WORK ITEM: Your task is to repeat the entries underneath exactly, minus the pictures.

Saved entries:
++++

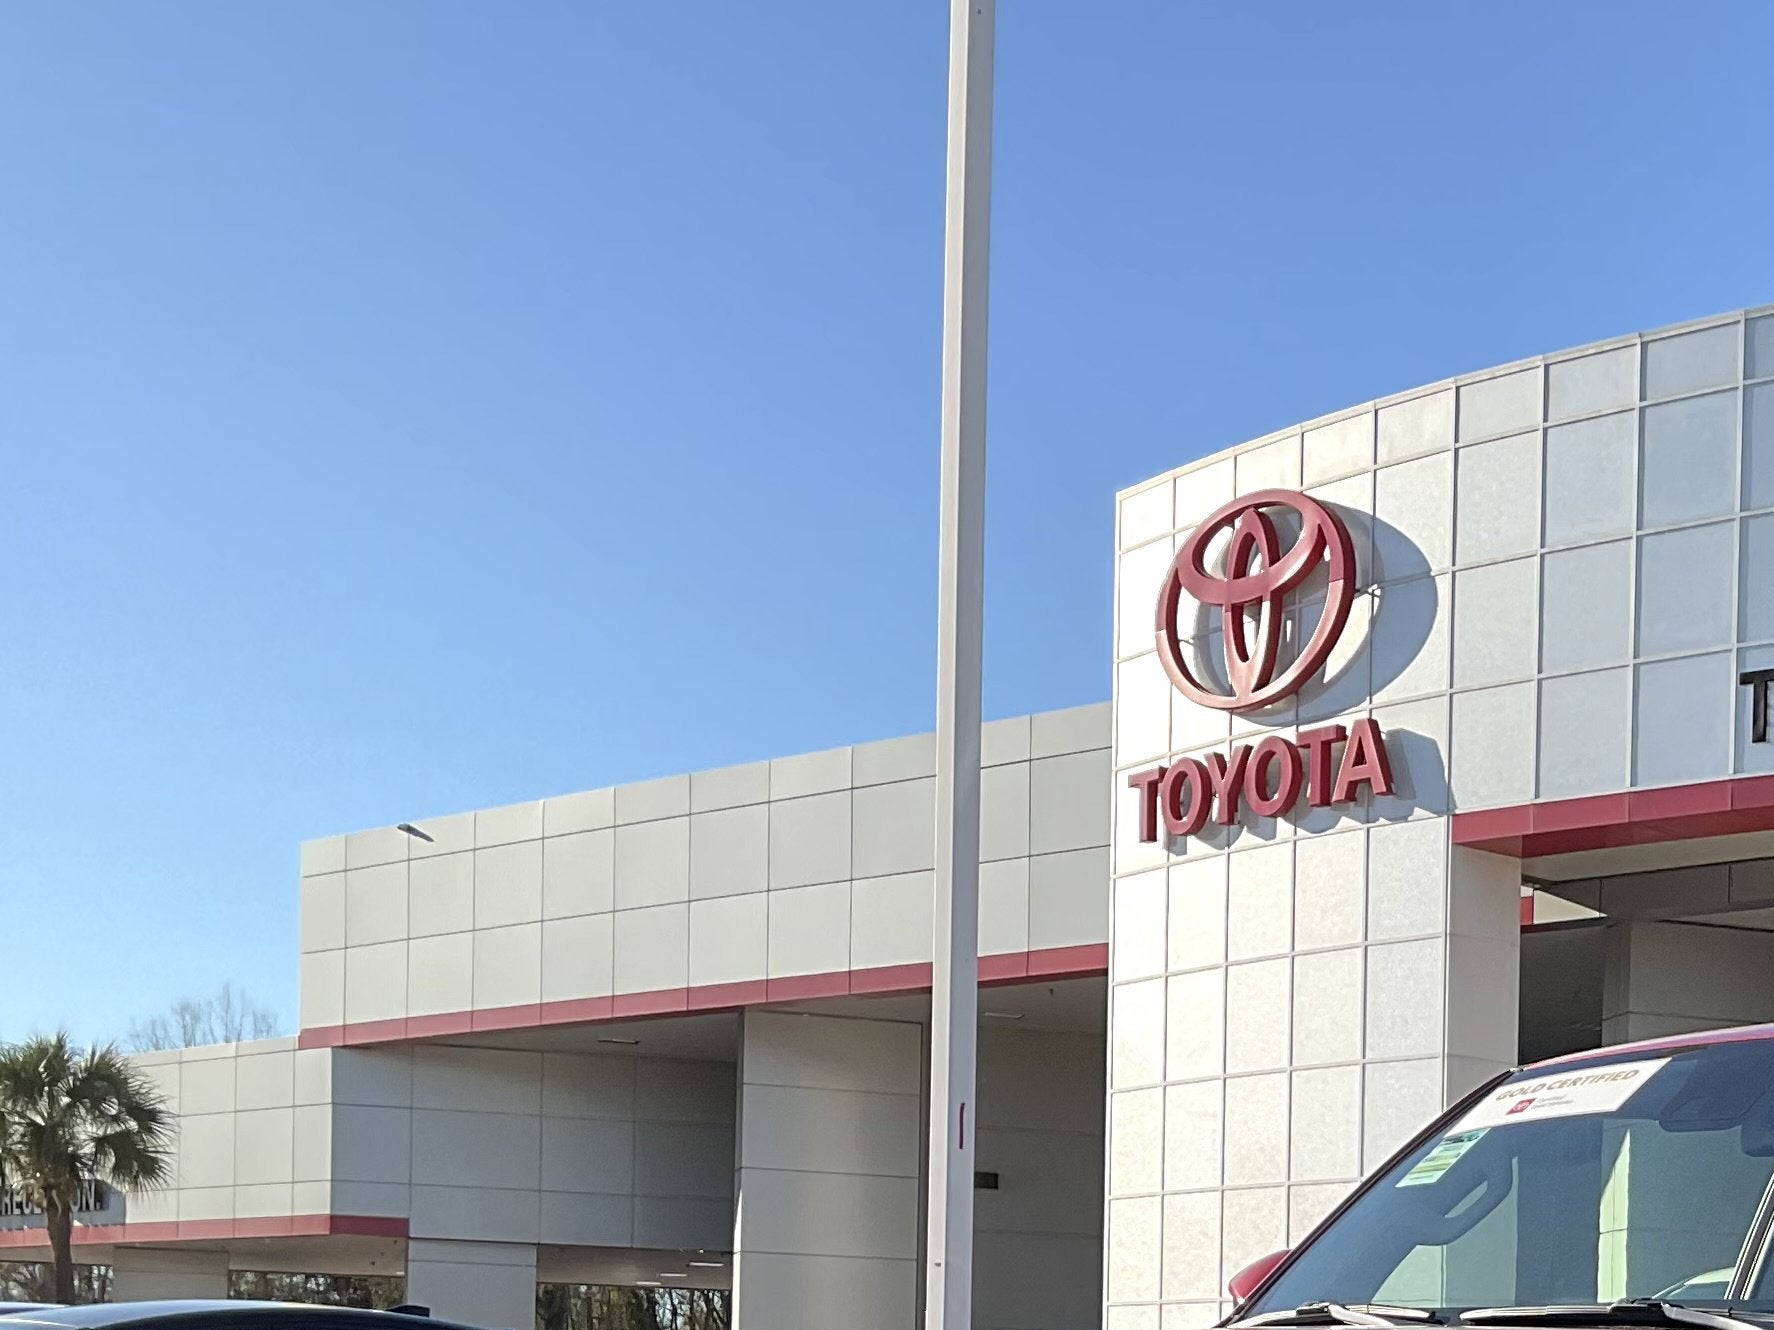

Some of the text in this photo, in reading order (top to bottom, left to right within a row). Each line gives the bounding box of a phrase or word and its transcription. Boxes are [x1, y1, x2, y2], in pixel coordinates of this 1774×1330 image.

[1128, 718, 1395, 843] TOYOTA
[1496, 1083, 1547, 1101] GOLD
[1547, 1069, 1639, 1090] CERTIFIED
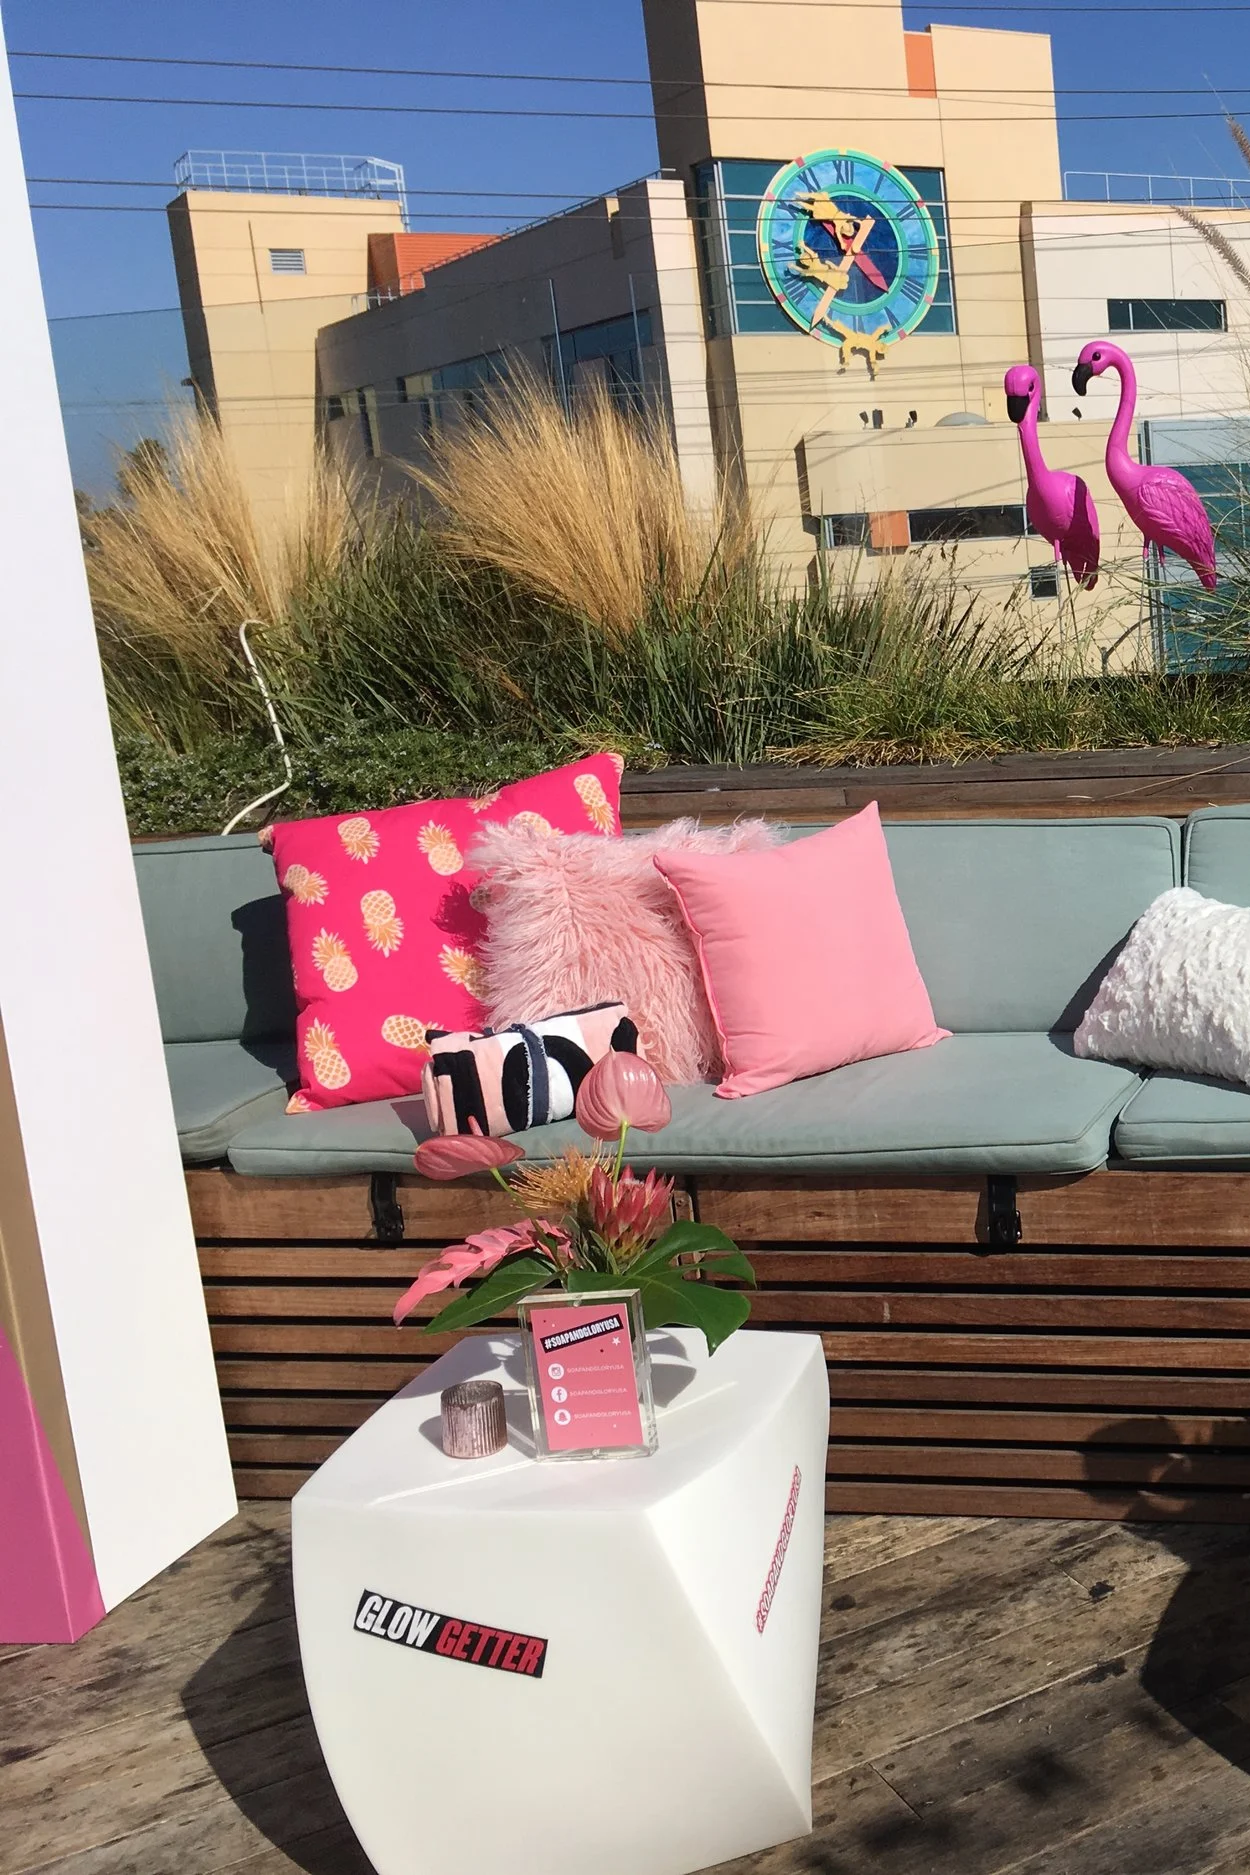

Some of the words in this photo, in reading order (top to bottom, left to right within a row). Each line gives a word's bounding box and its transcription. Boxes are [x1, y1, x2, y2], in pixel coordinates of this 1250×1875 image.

[797, 167, 822, 193] XI
[832, 160, 855, 185] XII
[896, 203, 917, 222] II
[772, 239, 795, 260] IX
[907, 243, 929, 261] III
[544, 1316, 620, 1350] #SOAPANDGLORYUSA
[355, 1594, 441, 1648] GLOW
[434, 1618, 545, 1675] GETTER
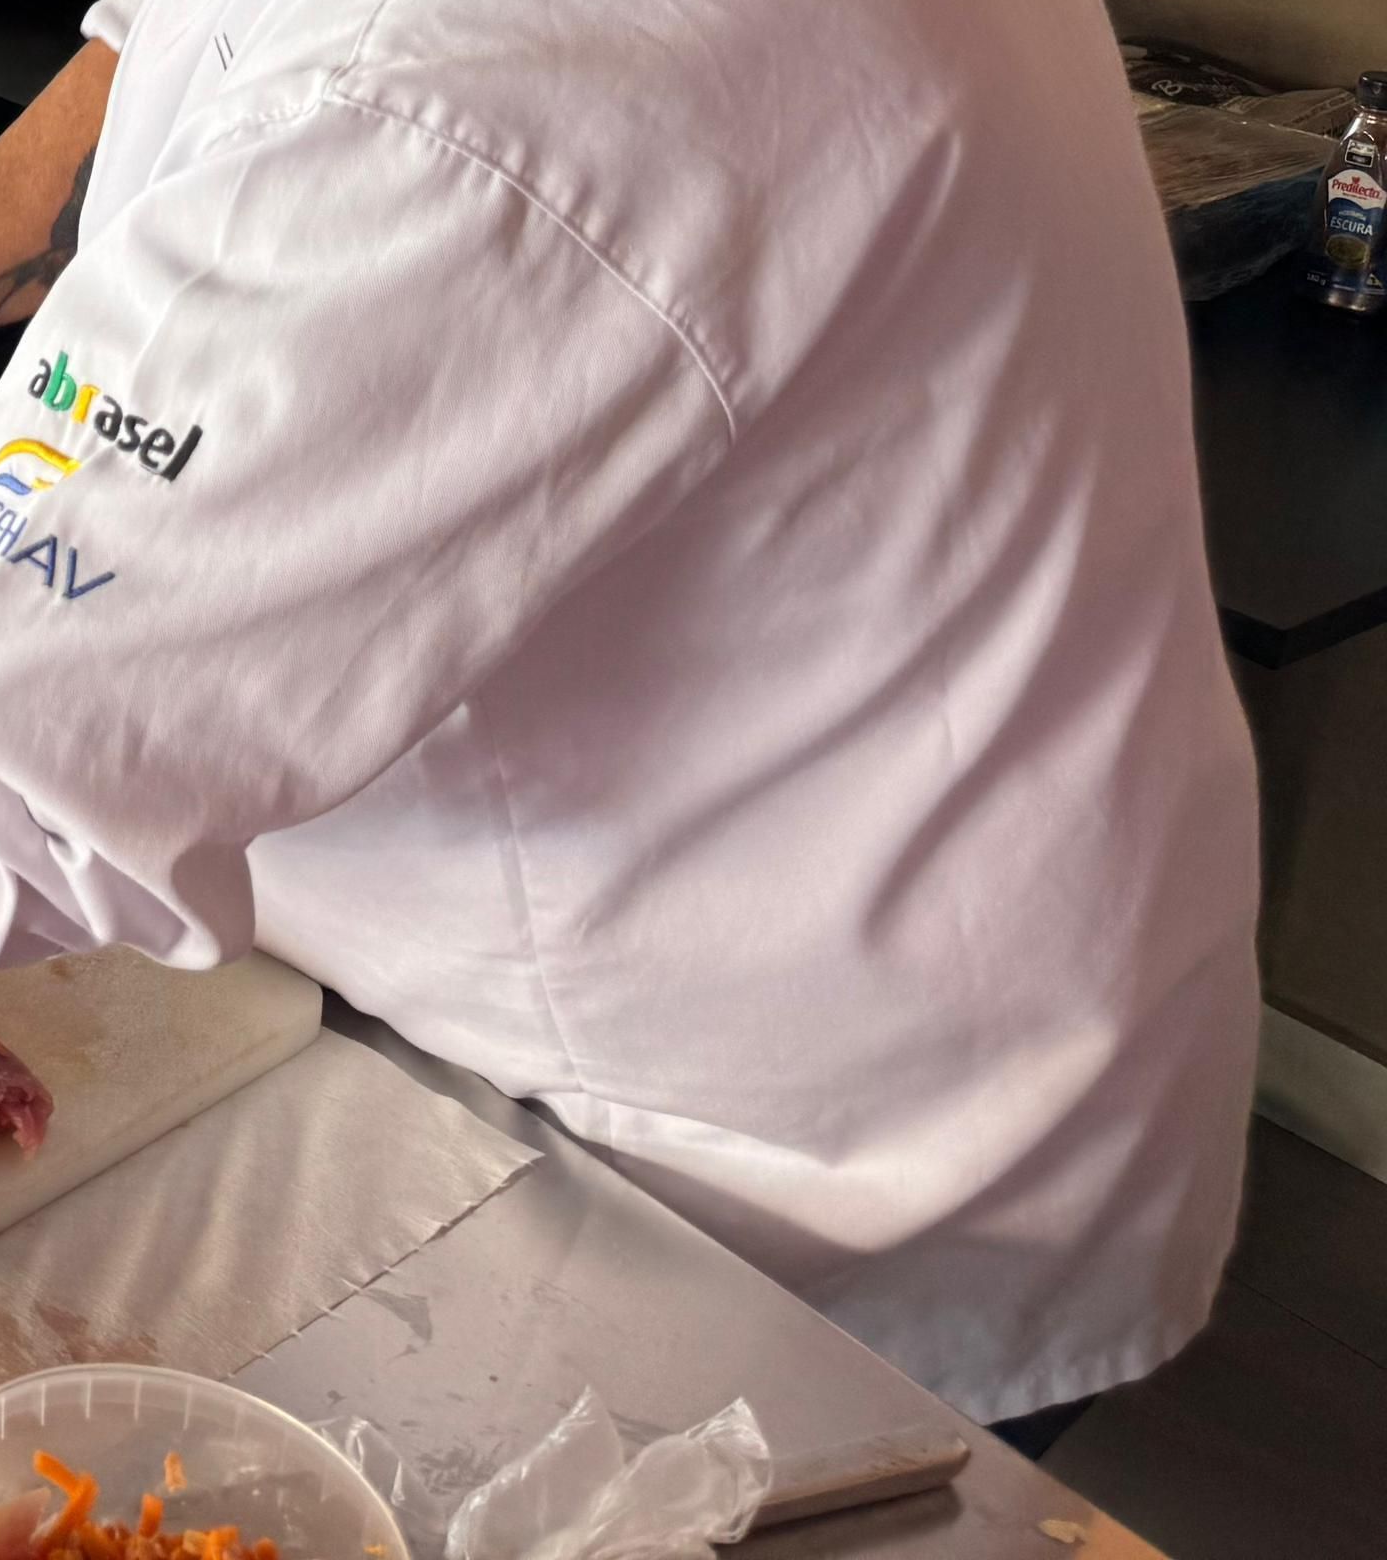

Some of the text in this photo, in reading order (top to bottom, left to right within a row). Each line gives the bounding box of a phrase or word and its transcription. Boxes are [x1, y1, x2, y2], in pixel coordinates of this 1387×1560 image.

++++

SOLUTION TO THIS EXERCISE:
Some of the text in this photo, in reading order (top to bottom, left to right within a row). Each line gives the bounding box of a phrase or word and its transcription. Boxes are [x1, y1, x2, y2], in pixel coordinates of this 1774×1330 image.

[1128, 718, 1395, 843] TOYOTA
[1496, 1083, 1547, 1101] GOLD
[1547, 1069, 1639, 1090] CERTIFIED

Some of the words in this photo, in reading order (top to bottom, left to right within a row). Each line gives a word's bounding box and its transcription. Boxes are [x1, y1, x2, y2], in pixel coordinates of this 1250×1875 image.

[797, 167, 822, 193] XI
[832, 160, 855, 185] XII
[896, 203, 917, 222] II
[772, 239, 795, 260] IX
[907, 243, 929, 261] III
[544, 1316, 620, 1350] #SOAPANDGLORYUSA
[355, 1594, 441, 1648] GLOW
[434, 1618, 545, 1675] GETTER

Some of the text in this photo, in reading order (top to bottom, left to right within a row). Each line gives the bounding box of a phrase or word and its transcription. Boxes are [x1, y1, x2, y2], in pixel coordinates of this 1387×1560 image.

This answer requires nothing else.